Please note that a Diode (D2) has been added to the base of Q1 in post 23 for the reasons that Ron mentioned.

 

This is very embarrassing but after trying to get this project to work with relays I've decided to take all the relays out. Relays caused so many problems for me. I tried messing around with the circuit and replacing the relay with a transistor but I couldn't get it to work. One little change is that it needs to be the inverse of my original problem(to be perfectly clear I attached a picture of what I need).

Thanks

 

This is very embarrassing but after trying to get this project to work with relays I've decided to take all the relays out. Relays caused so many problems for me. I tried messing around with the circuit and replacing the relay with a transistor but I couldn't get it to work. One little change is that it needs to be the inverse of my original problem(to be perfectly clear I attached a picture of what I need).

Thanks

We need to know what the short output pulse is going to drive.

 

It needs to reset a SR flip-flop made with NAND gates(7438N). The amount of time that it is low doesn't matter very much, just as long as it is long enough to reset the SR flip-flop.

Also earlier in this thread I said that I didn't have any caps between 10 and 1000, but I did some searching and found a few 110uf, 220uf and 330uf caps.

 

I hope you are using a 5 volt power supply.
Are you planning to set your SR flip-flop with the input square wave?

 

I'm using 3V, the data sheet says the min is 4.5V but 3V seems to work fine. Lower voltage could just make it not work correctly or could it hurt it?

No, I'm going to use the output of a 2-bit full adder to set the SR flip-flop. The square wave will control when the full adder can set the SR flip-flop.

 

The last circuit that I gave you, that you said worked with the relay, should still work. Remove K1 and D1 and then connect the Collector of Q1 to the input of your chip.

EDIT: A pull-up resistor (1K to 3.3K) should also be connected from Q1 Collector to the 5Vcc. This will prevent the input pin on the 7438N from floating while Q1 is off. Sorry I missed that.

 

It needs to reset a SR flip-flop made with NAND gates(7438N). The amount of time that it is low doesn't matter very much, just as long as it is long enough to reset the SR flip-flop.

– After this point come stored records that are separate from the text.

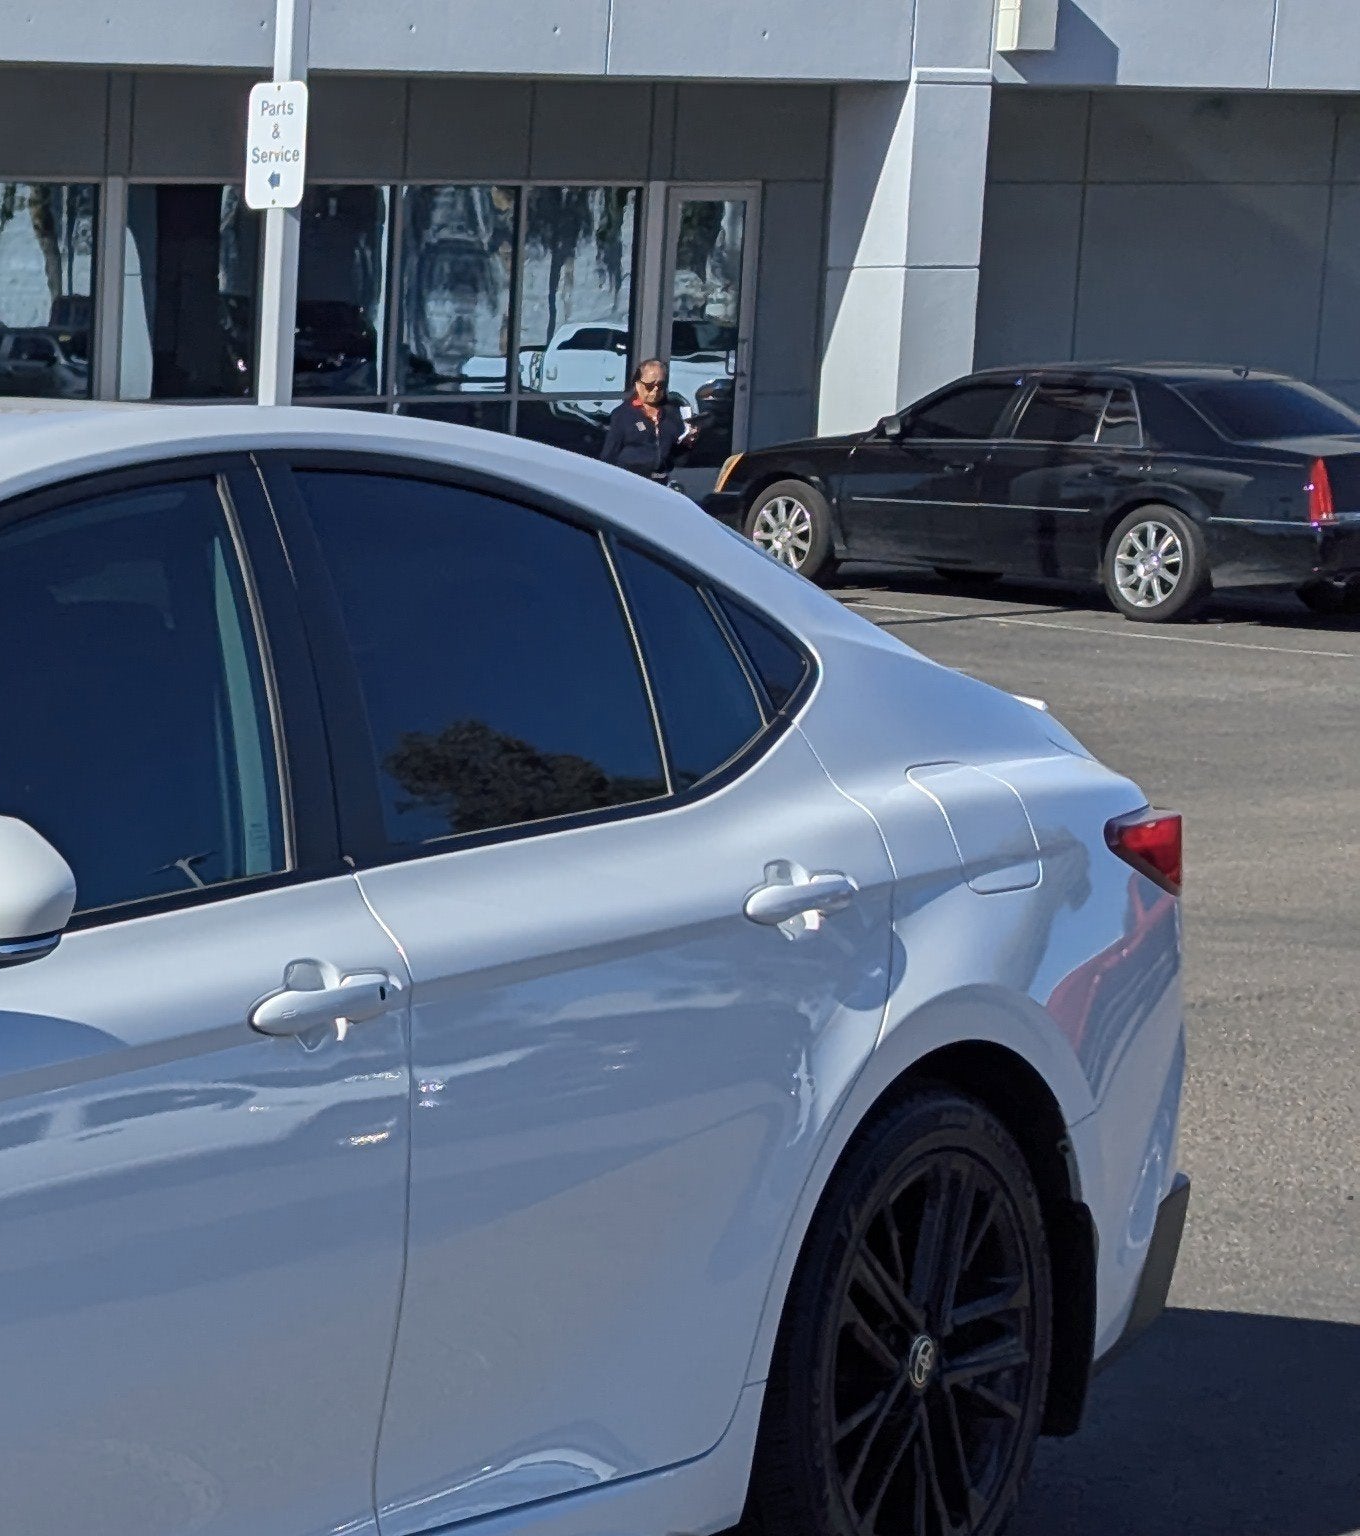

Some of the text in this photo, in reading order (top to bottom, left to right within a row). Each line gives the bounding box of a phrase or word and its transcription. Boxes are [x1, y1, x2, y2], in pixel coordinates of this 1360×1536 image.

[261, 100, 294, 116] Parts
[271, 123, 281, 139] &
[251, 145, 300, 164] Service
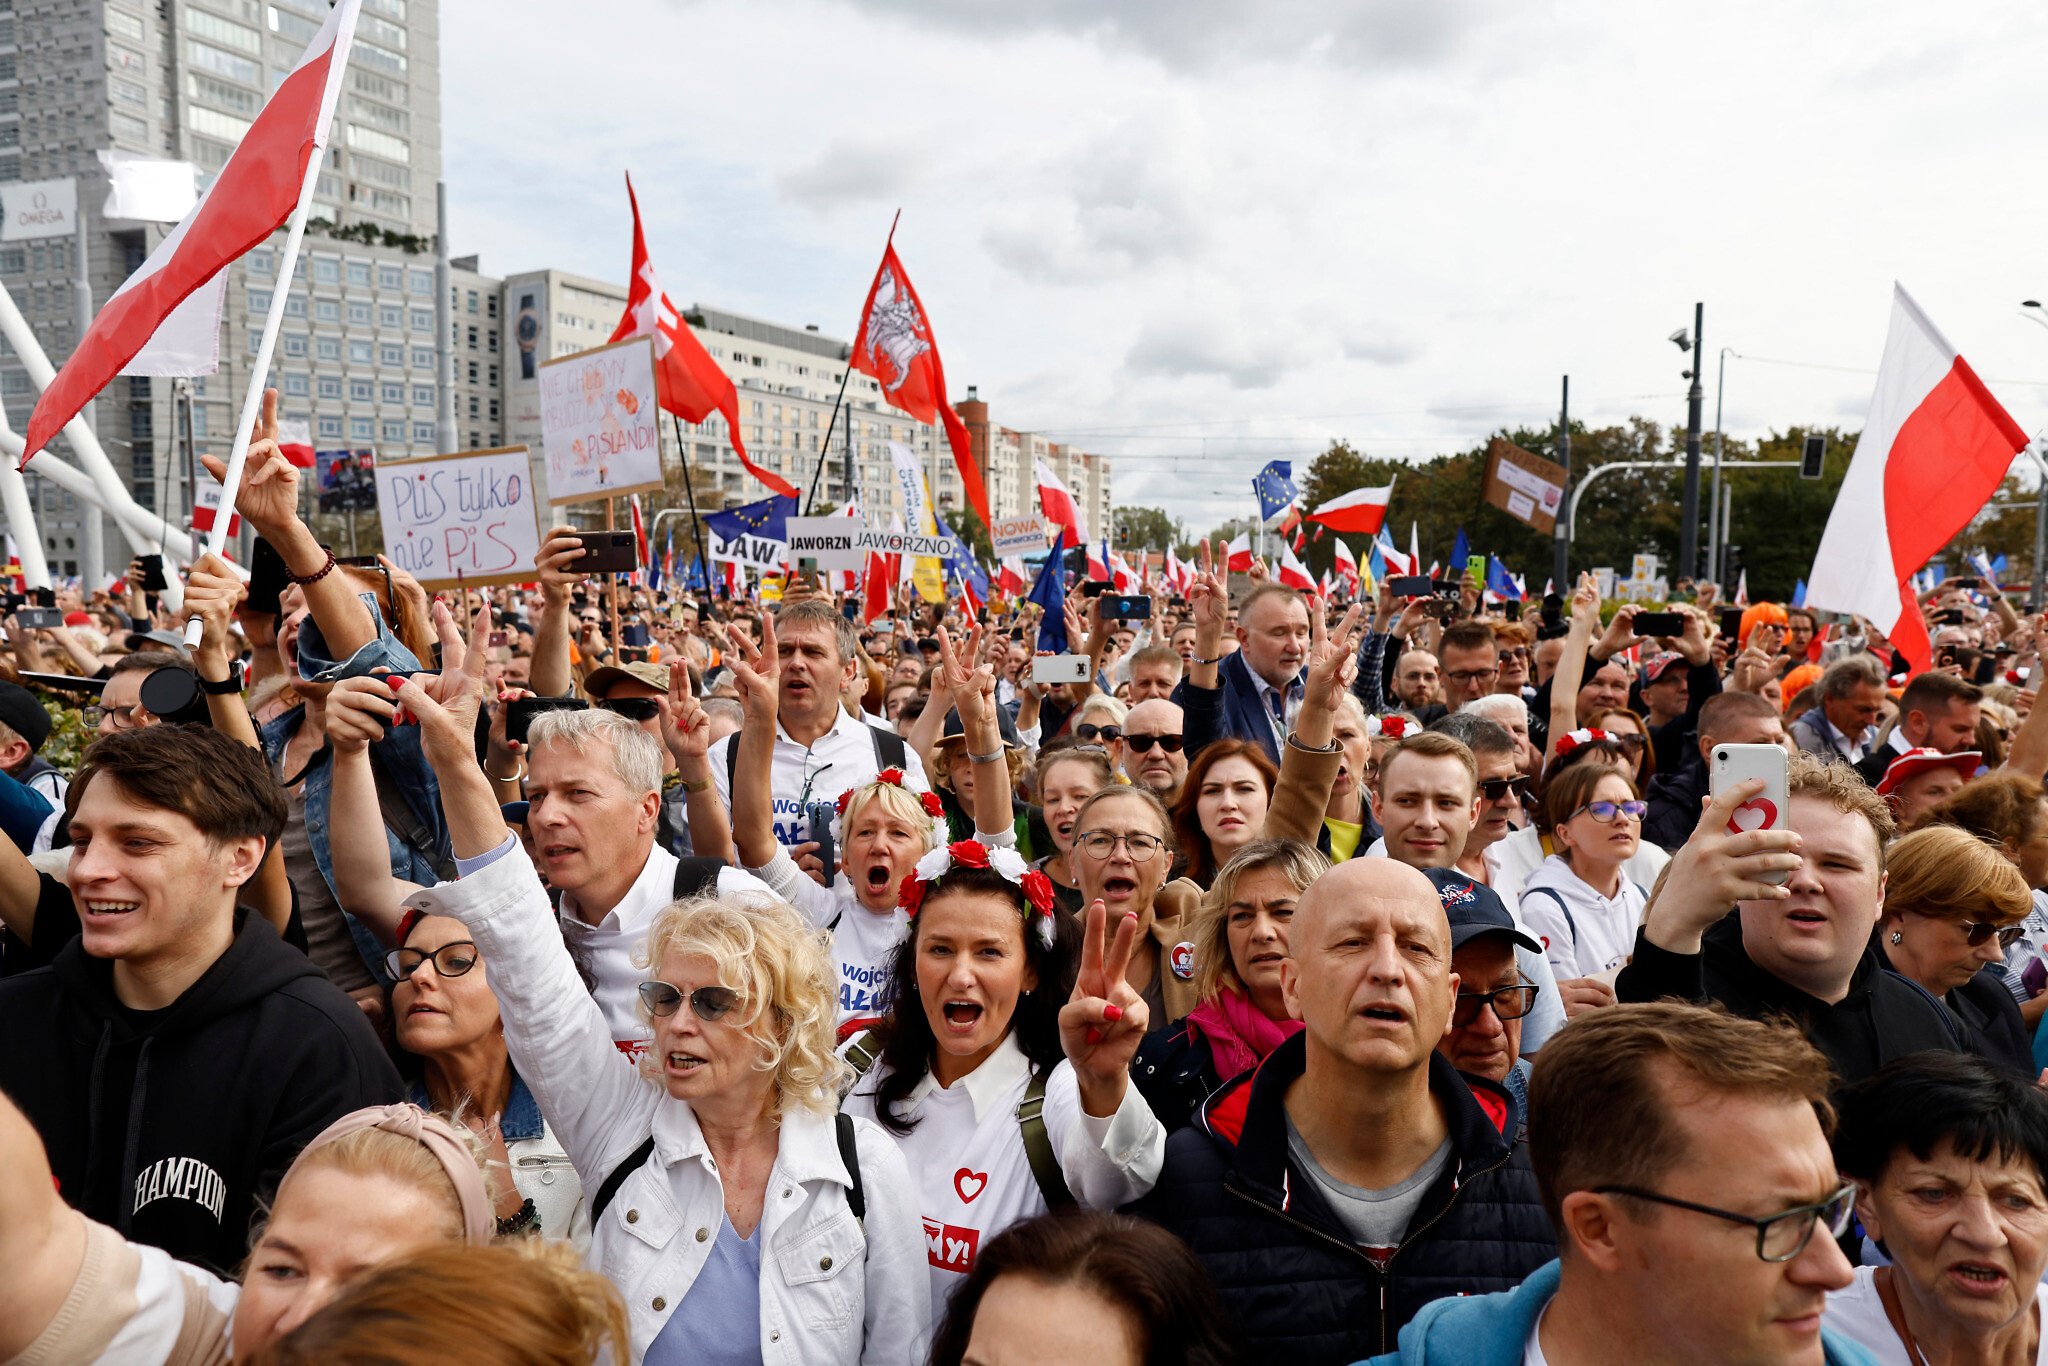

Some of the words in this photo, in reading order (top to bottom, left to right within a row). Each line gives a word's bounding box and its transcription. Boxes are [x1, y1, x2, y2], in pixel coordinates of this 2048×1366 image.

[19, 208, 65, 227] OMEGA
[542, 373, 563, 400] NIE
[454, 467, 521, 523] tylko
[993, 519, 1042, 538] NOWA
[995, 533, 1043, 547] Generacja
[394, 531, 434, 572] nie
[715, 536, 783, 566] JAW
[855, 532, 951, 555] JAWORZNO
[132, 1156, 227, 1227] HAMPION
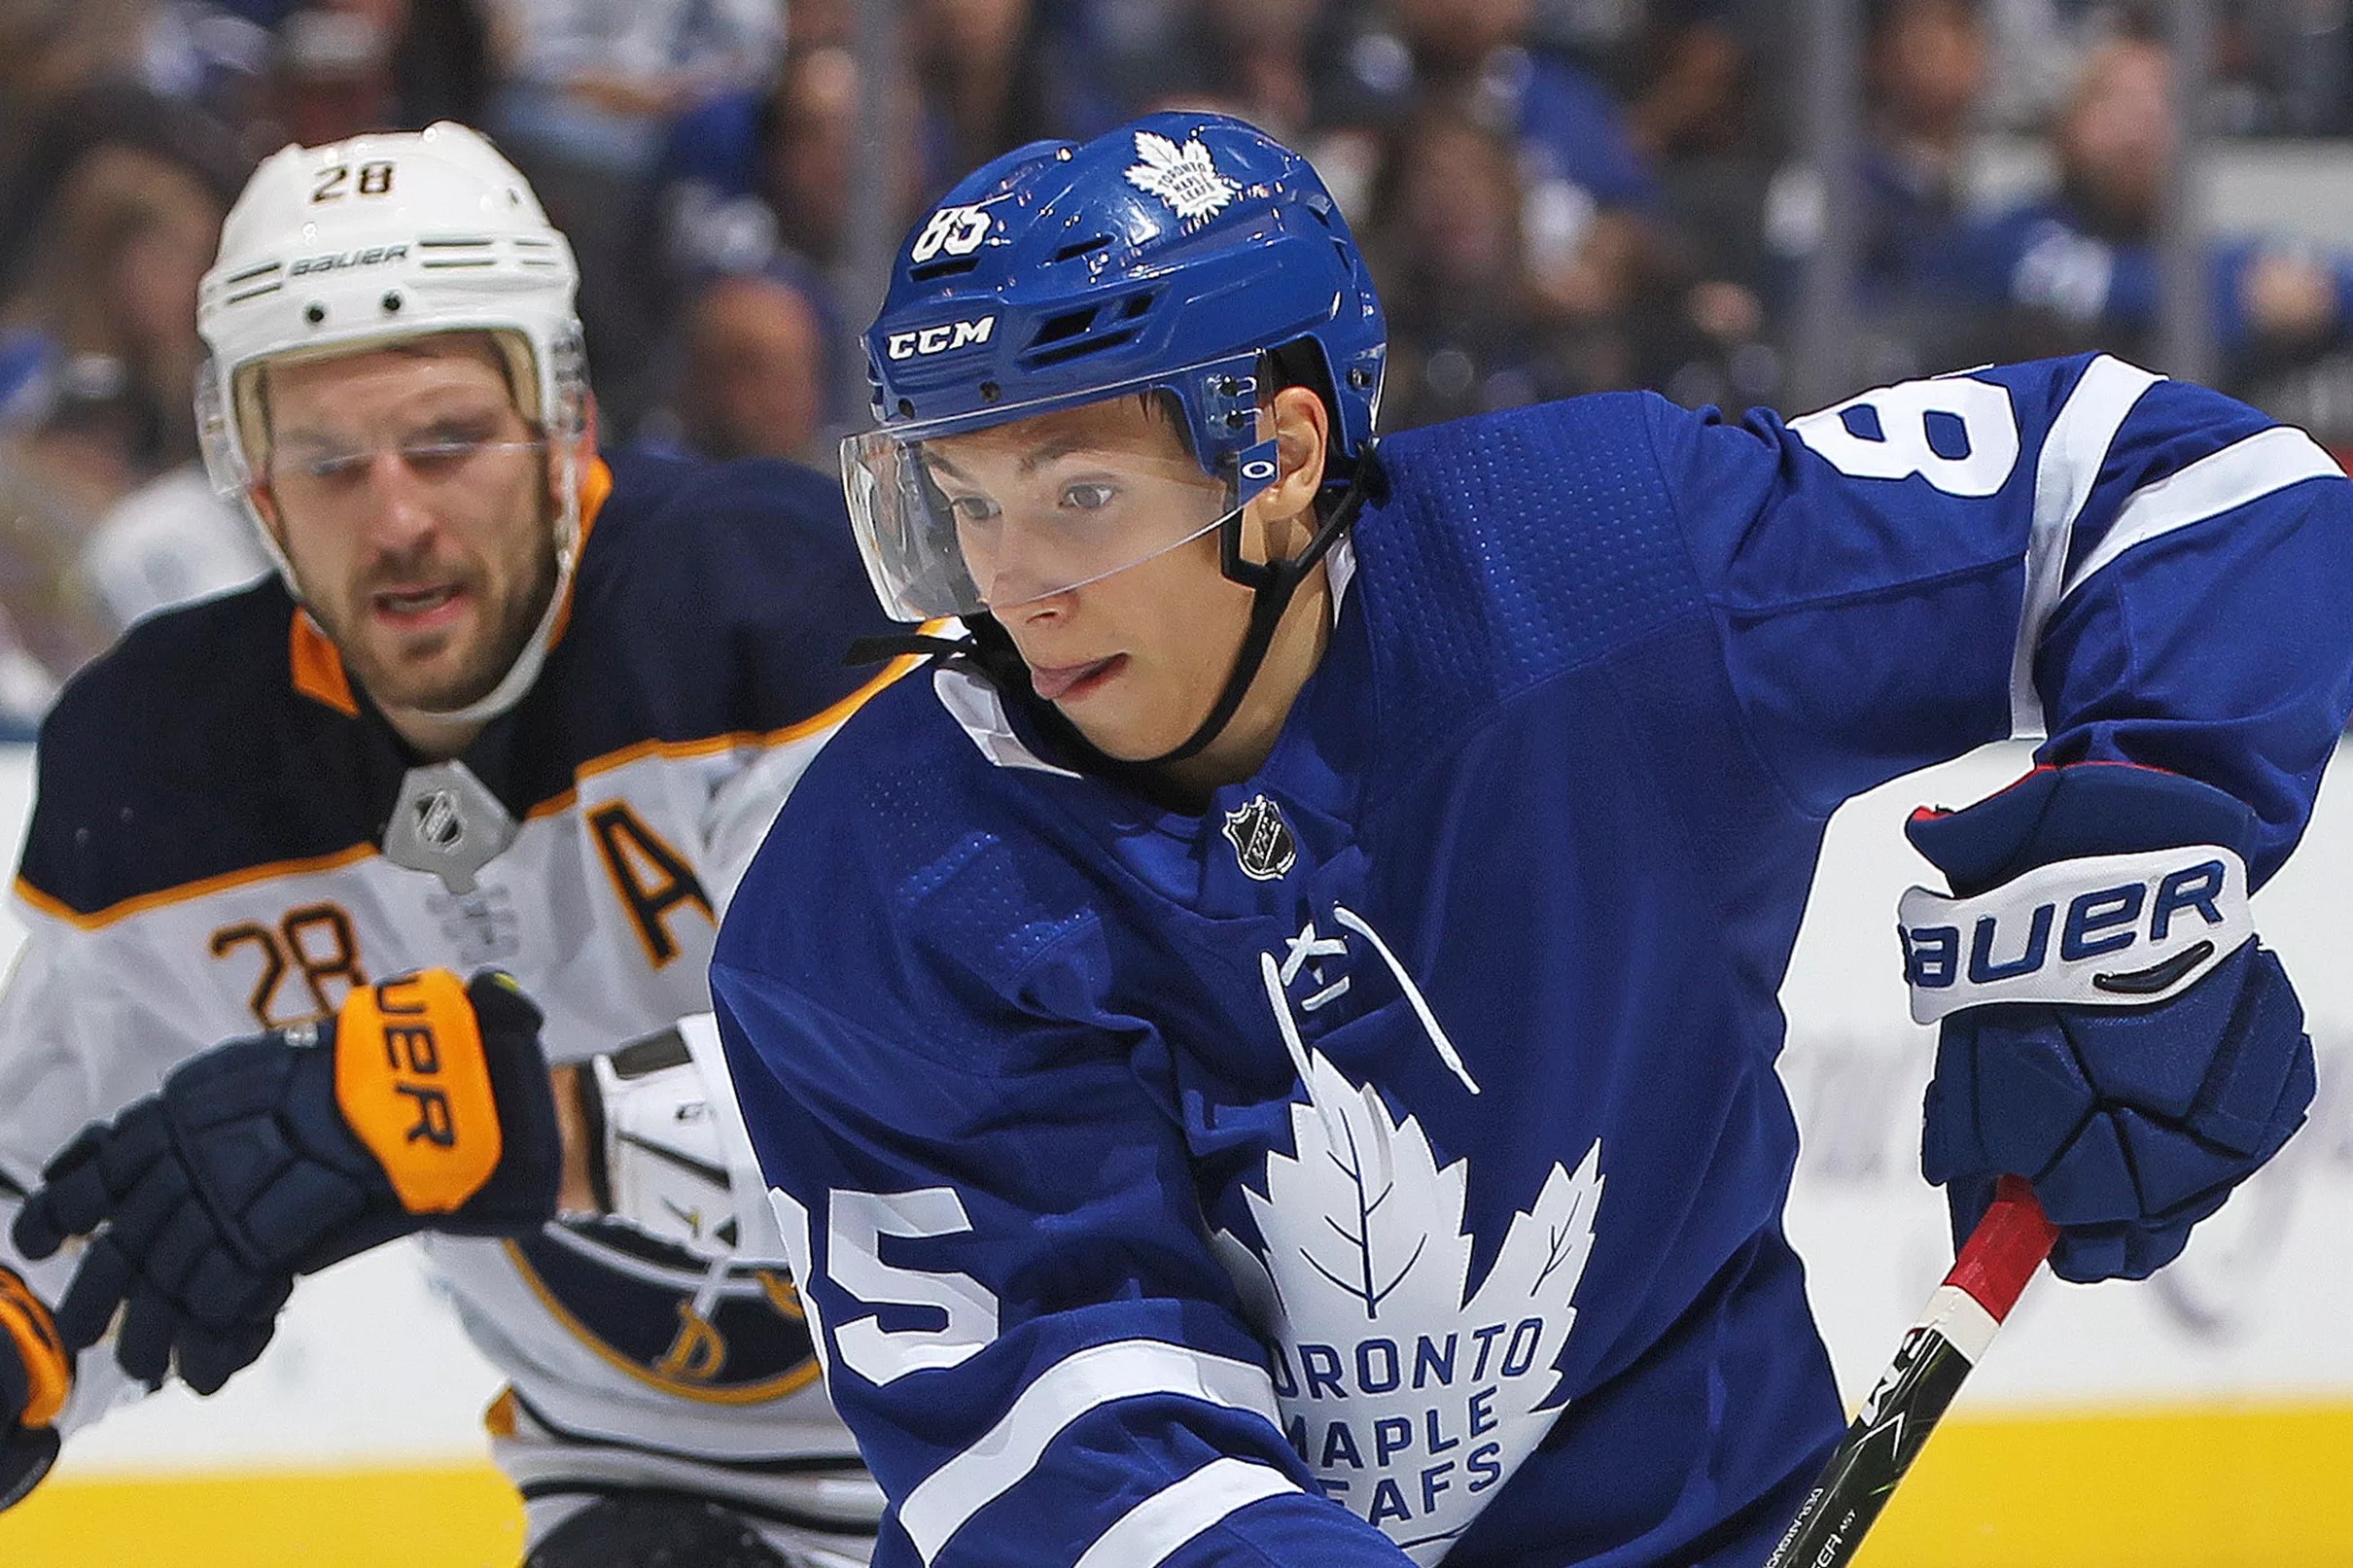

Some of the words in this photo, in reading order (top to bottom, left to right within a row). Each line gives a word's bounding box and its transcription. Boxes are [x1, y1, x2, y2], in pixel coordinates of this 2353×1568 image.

[312, 160, 398, 203] 28
[1157, 161, 1207, 189] TORONTO
[911, 206, 992, 263] 85
[887, 315, 995, 361] CCM
[1785, 363, 2021, 499] 8
[585, 798, 718, 970] A
[209, 900, 369, 1031] 28
[375, 973, 455, 1148] UER
[767, 1185, 1000, 1388] 5
[1270, 1316, 1544, 1401] ORONTO

Also earlier in this thread I said that I didn't have any caps between 10 and 1000, but I did some searching and found a few 110uf, 220uf and 330uf caps.

It just hit me... Since your signal source is a 555 with Vcc= 5V, you should be able to use this approach using a 7404 inverter.

 

shaqywacky - Why not just use Bill Marsden's circuit, Fig. 4.3, shown in this post? http://forum.allaboutcircuits.com/showpost.php?p=117641&postcount=6

It's a proven circuit and it will do what you need. You would forget about -D1, R7, and Q1. You need the pullup R8, the PWM would go to your SR flip-flop. And you would need to set the 555 frequency to your needs.

 

@CDrive Yep, that worked. I was making it way too complicated. Thanks again.

@Shortbus Because I need both waves exactly as I drew them(IE the second wave needs to follow directly behind the rising edge of the square wave). Unless that's what that is, in which case: Thanks, but I got it working with CDrive's way.

 

@CDrive Yep, that worked. I was making it way too complicated. Thanks again.

Which one? The 7404 inverter I hope. It's been a very long time since I've used TTL, so I had to dig through my old TTL Cook Book to refresh my memory. That method was and is the accepted (SOP) way to do it.

By the way, please re-read post..
http://forum.allaboutcircuits.com/showpost.php?p=321649&postcount=36

as I edited it because there should be a pull-up resistor from the collector of Q1 (1K to 3.3K) to the 5Vcc that I neglected to mention, even if it appears to be working OK for you.